Hudson Körfezi’ne seyahat ettiğinizde, bu bölgedeki düşük yerçekimi, belki de beklemediğiniz bir biçimde, anlık kilo kaybına yol açabilir. Bu durum, Dünya’nın kütlesinin her yerde mükemmel bir şekilde dağılmaması nedeniyle ortaya çıkmaktadır. Hudson Körfezi’nde yerçekimi, Dünya’nın ortalamasından yaklaşık %0,004 daha azdır. Bu farkı tespit edebilmek için son derece hassas ölçümler yapılması gerekmektedir.
Bilim insanları, bu yerçekimi anomalisini açıklamak için iki ana teori öne sürmektedir. İşte bu teorilerden ilki:
- Buzul Çağı Teorisi: Bu teori, yaklaşık 20.000 yıl öncesine, Buzul Çağı’na kadar uzanmaktadır.
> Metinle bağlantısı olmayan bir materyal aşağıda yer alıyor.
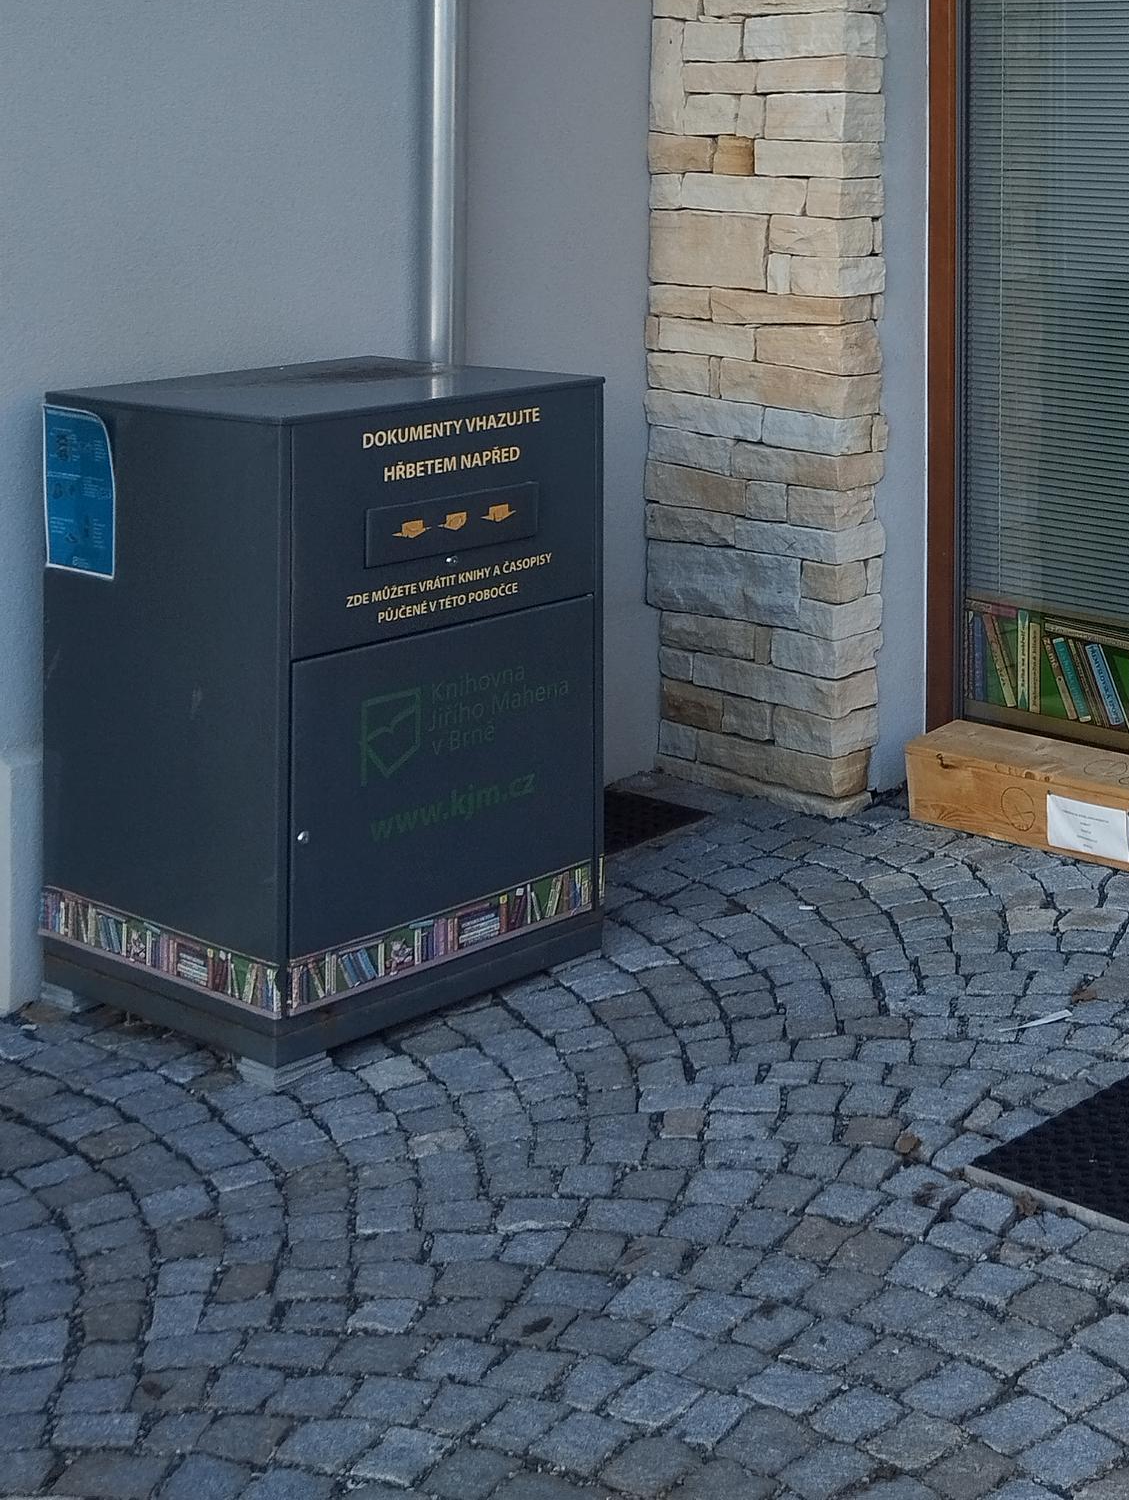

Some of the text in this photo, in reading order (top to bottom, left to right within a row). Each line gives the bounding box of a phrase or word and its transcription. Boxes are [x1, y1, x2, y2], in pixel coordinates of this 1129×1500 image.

[362, 407, 541, 449] DOKUMENTY VHAZUJTE
[383, 446, 521, 482] HŘBETEM NAPŘED
[346, 552, 553, 608] ZDE MŮŽETE VRÁTIT KNIHY A ČASOPISY
[377, 582, 519, 623] PŮJČENÉ V TÉTO POBOČCE
[431, 665, 526, 704] Knihovna
[428, 679, 570, 732] Jiřího Mahena
[432, 722, 496, 756] v Brně
[369, 772, 536, 842] www.kjm.cz
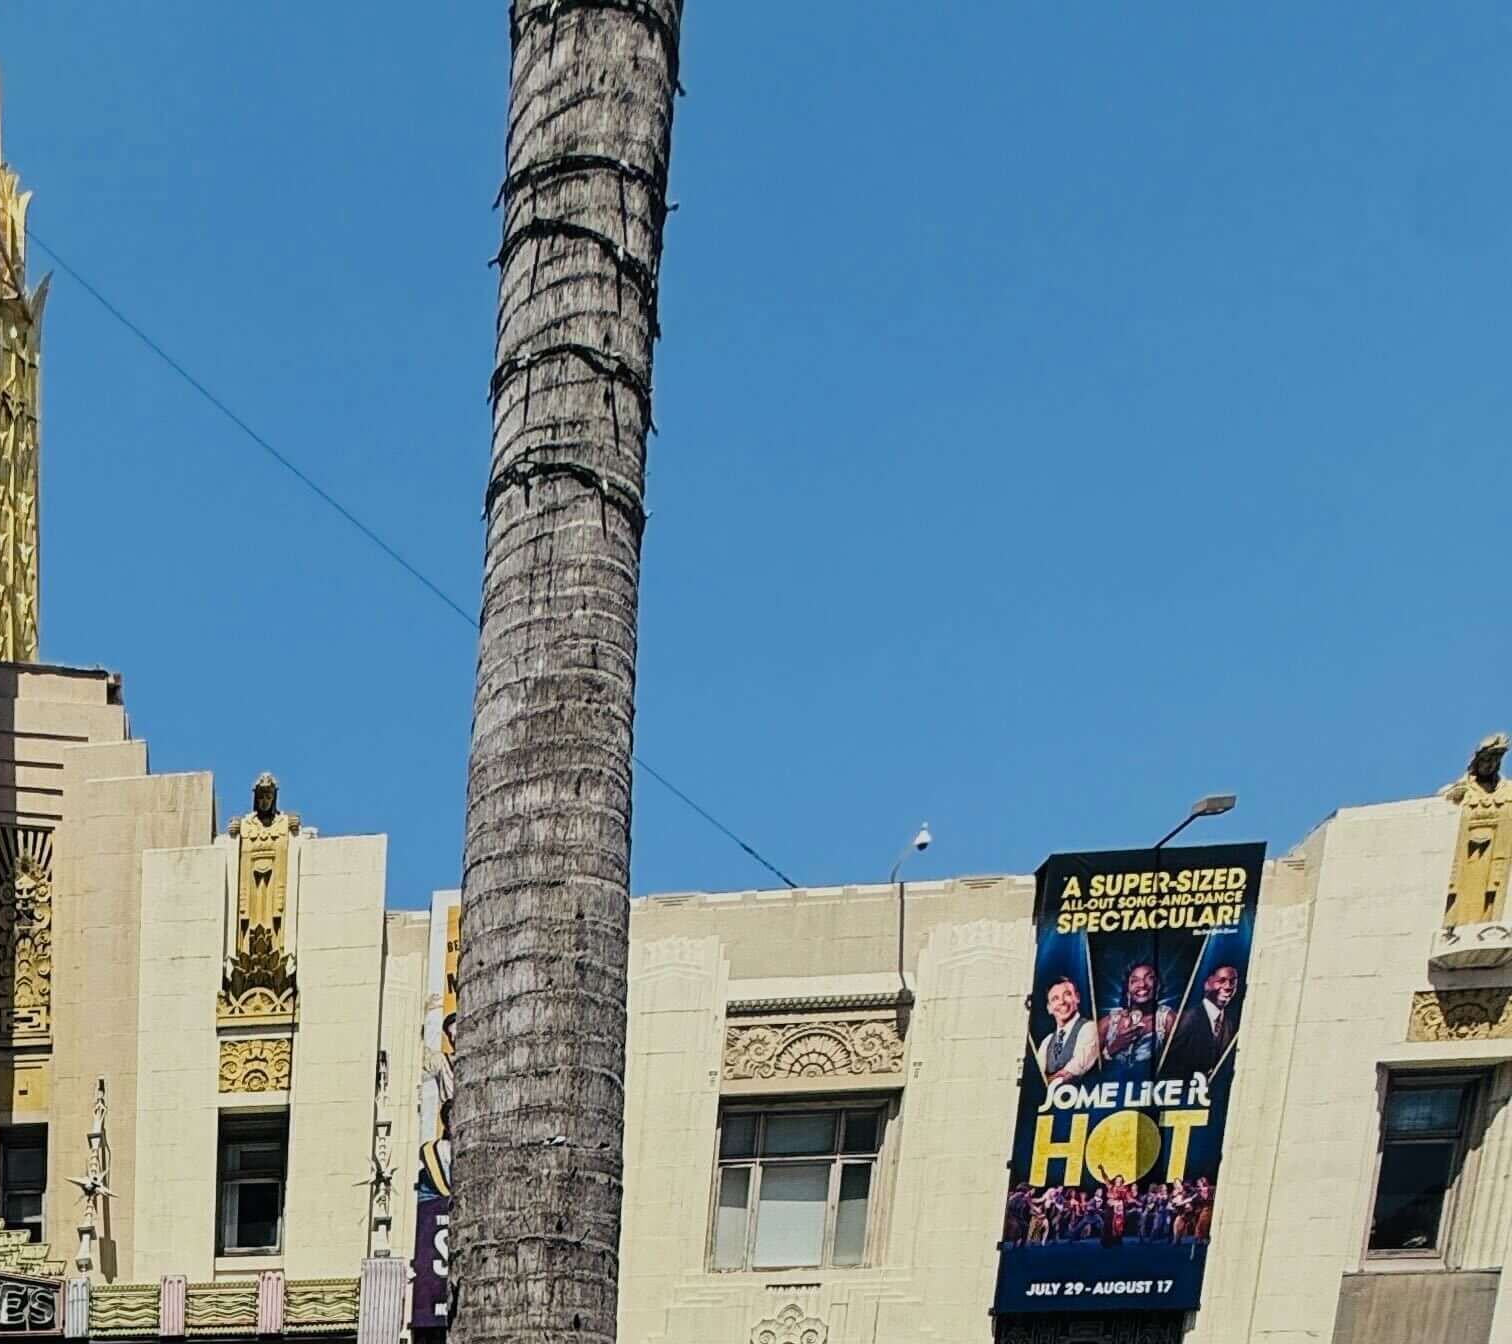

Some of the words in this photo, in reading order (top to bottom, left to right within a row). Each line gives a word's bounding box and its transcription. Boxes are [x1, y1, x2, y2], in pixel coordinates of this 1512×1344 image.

[1060, 898, 1115, 911] ALL-OUT
[1039, 1077, 1119, 1112] SOME
[1029, 1110, 1209, 1187] HOT
[1026, 1283, 1060, 1296] JULY
[1064, 1282, 1084, 1295] 29
[1092, 1280, 1153, 1294] AUGUST
[1157, 1280, 1173, 1293] 17
O dönemde, 3 kilometre kalınlığında devasa bir buzul olan Laurentide Buz Tabakası, Kuzey Amerika’nın büyük bir kısmını kaplamaktaydı. Bu muazzam buz tabakası, altındaki toprağı sıkıştırarak Dünya’nın kabuğunu aşağı doğru itmiştir. Buz Devri’nin sona ermesiyle birlikte buz hızla erimiş olsa da, bu devasa tabakanın ağırlığı altında ezilen kabuk, aynı hızda geri dönmemiştir. Günümüzde bile, bu kabuk yılda yaklaşık 12 milimetre hızla yukarı doğru çıkmaktadır; ancak, orijinal konumuna tamamen dönmesi 300.000 yıl alabilir. Bu eski buzul tabakasının yarattığı ve binlerce yıldır eski haline dönmeye çalışan bu “çukur”, Hudson Körfezi bölgesinde kütlenin daha az olmasına neden olarak, daha zayıf bir yerçekimi yaratmaktadır.
İkinci teorimiz ise şu şekildedir:
- Derinlik Hareketleri Teorisi: Bu teori, Dünya’nın derinliklerinde gerçekleşen hareketlerle ilgilidir. Dünya’nın kabuğunun altında, erimiş kaya tabakası olan manto bulunmaktadır. Uzun süreler boyunca, Dünya’nın çekirdeği tarafından ısıtılan bu akıntılar, kabuğun itilmesi ve çekilmesi ile birlikte üzerindeki kara tabakasını etkiler. Hudson Körfezi’nde, bu aşağı doğru çekim, bölgenin kütlesini azaltarak daha zayıf bir kütle çekim kuvveti oluşturur. Böylece, 1960’larda bilim insanlarının ilk kez fark ettiği kütle çekim anomalisine yol açabilir.
2002 yılında gerçekleştirilen uydu verileri, her iki teorinin de geçerli olabileceğini göstermektedir. Hudson Körfezi’nin daha düşük yerçekimi, Buzul Çağı’ndan sonra kabuğun kendi haline dönmesinin yavaş gerçekleşmesi ve yüzeyin altındaki manto akıntılarının birleşiminden kaynaklanmaktadır. Kabuk tamamen eski formuna döndüğünde bile, bu bölgede muhtemelen bir miktar yerçekimi farkı kalmaya devam edecektir.